§ **Instructions for the task**
Output the full listing below, keeping each line exact.

§ **Exercise material**
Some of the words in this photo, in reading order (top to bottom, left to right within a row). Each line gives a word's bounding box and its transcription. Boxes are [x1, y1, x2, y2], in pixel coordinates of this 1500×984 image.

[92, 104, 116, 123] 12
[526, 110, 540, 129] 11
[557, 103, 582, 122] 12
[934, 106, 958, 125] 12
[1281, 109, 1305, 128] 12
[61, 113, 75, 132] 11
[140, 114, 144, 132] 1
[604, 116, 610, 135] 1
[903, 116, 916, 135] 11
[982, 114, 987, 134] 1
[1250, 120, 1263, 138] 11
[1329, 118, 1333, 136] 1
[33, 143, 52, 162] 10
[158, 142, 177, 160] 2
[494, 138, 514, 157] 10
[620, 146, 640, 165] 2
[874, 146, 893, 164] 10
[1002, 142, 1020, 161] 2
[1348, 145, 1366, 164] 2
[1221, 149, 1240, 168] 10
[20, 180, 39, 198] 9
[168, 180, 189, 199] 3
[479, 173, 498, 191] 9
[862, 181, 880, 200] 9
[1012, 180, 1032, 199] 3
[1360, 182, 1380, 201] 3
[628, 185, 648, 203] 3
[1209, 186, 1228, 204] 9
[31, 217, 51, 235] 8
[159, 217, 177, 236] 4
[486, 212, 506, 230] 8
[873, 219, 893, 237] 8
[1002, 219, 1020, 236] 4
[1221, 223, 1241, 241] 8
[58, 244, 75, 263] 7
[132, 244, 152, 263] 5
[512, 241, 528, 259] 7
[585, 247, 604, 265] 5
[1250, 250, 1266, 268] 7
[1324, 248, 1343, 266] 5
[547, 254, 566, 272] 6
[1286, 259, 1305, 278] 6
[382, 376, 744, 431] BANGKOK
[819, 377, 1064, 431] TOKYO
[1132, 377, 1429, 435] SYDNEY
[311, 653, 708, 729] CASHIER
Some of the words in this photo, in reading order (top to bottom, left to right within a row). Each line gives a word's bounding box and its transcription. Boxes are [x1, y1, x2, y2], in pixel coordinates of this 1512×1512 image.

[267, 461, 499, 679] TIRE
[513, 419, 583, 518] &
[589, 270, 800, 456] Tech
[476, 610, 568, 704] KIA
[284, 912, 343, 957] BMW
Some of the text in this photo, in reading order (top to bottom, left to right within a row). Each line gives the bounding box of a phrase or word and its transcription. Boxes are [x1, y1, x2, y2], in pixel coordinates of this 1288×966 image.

§ **Expected answer**
Some of the words in this photo, in reading order (top to bottom, left to right within a row). Each line gives a word's bounding box and its transcription. Boxes are [x1, y1, x2, y2], in pixel coordinates of this 1500×984 image.

[92, 104, 116, 123] 12
[526, 110, 540, 129] 11
[557, 103, 582, 122] 12
[934, 106, 958, 125] 12
[1281, 109, 1305, 128] 12
[61, 113, 75, 132] 11
[140, 114, 144, 132] 1
[604, 116, 610, 135] 1
[903, 116, 916, 135] 11
[982, 114, 987, 134] 1
[1250, 120, 1263, 138] 11
[1329, 118, 1333, 136] 1
[33, 143, 52, 162] 10
[158, 142, 177, 160] 2
[494, 138, 514, 157] 10
[620, 146, 640, 165] 2
[874, 146, 893, 164] 10
[1002, 142, 1020, 161] 2
[1348, 145, 1366, 164] 2
[1221, 149, 1240, 168] 10
[20, 180, 39, 198] 9
[168, 180, 189, 199] 3
[479, 173, 498, 191] 9
[862, 181, 880, 200] 9
[1012, 180, 1032, 199] 3
[1360, 182, 1380, 201] 3
[628, 185, 648, 203] 3
[1209, 186, 1228, 204] 9
[31, 217, 51, 235] 8
[159, 217, 177, 236] 4
[486, 212, 506, 230] 8
[873, 219, 893, 237] 8
[1002, 219, 1020, 236] 4
[1221, 223, 1241, 241] 8
[58, 244, 75, 263] 7
[132, 244, 152, 263] 5
[512, 241, 528, 259] 7
[585, 247, 604, 265] 5
[1250, 250, 1266, 268] 7
[1324, 248, 1343, 266] 5
[547, 254, 566, 272] 6
[1286, 259, 1305, 278] 6
[382, 376, 744, 431] BANGKOK
[819, 377, 1064, 431] TOKYO
[1132, 377, 1429, 435] SYDNEY
[311, 653, 708, 729] CASHIER
Some of the words in this photo, in reading order (top to bottom, left to right within a row). Each line gives a word's bounding box and its transcription. Boxes are [x1, y1, x2, y2], in pixel coordinates of this 1512×1512 image.

[267, 461, 499, 679] TIRE
[513, 419, 583, 518] &
[589, 270, 800, 456] Tech
[476, 610, 568, 704] KIA
[284, 912, 343, 957] BMW
Some of the text in this photo, in reading order (top to bottom, left to right within a row). Each line gives the bounding box of a phrase or word and its transcription. Boxes are [x1, y1, x2, y2], in pixel coordinates of this 1288×966 image.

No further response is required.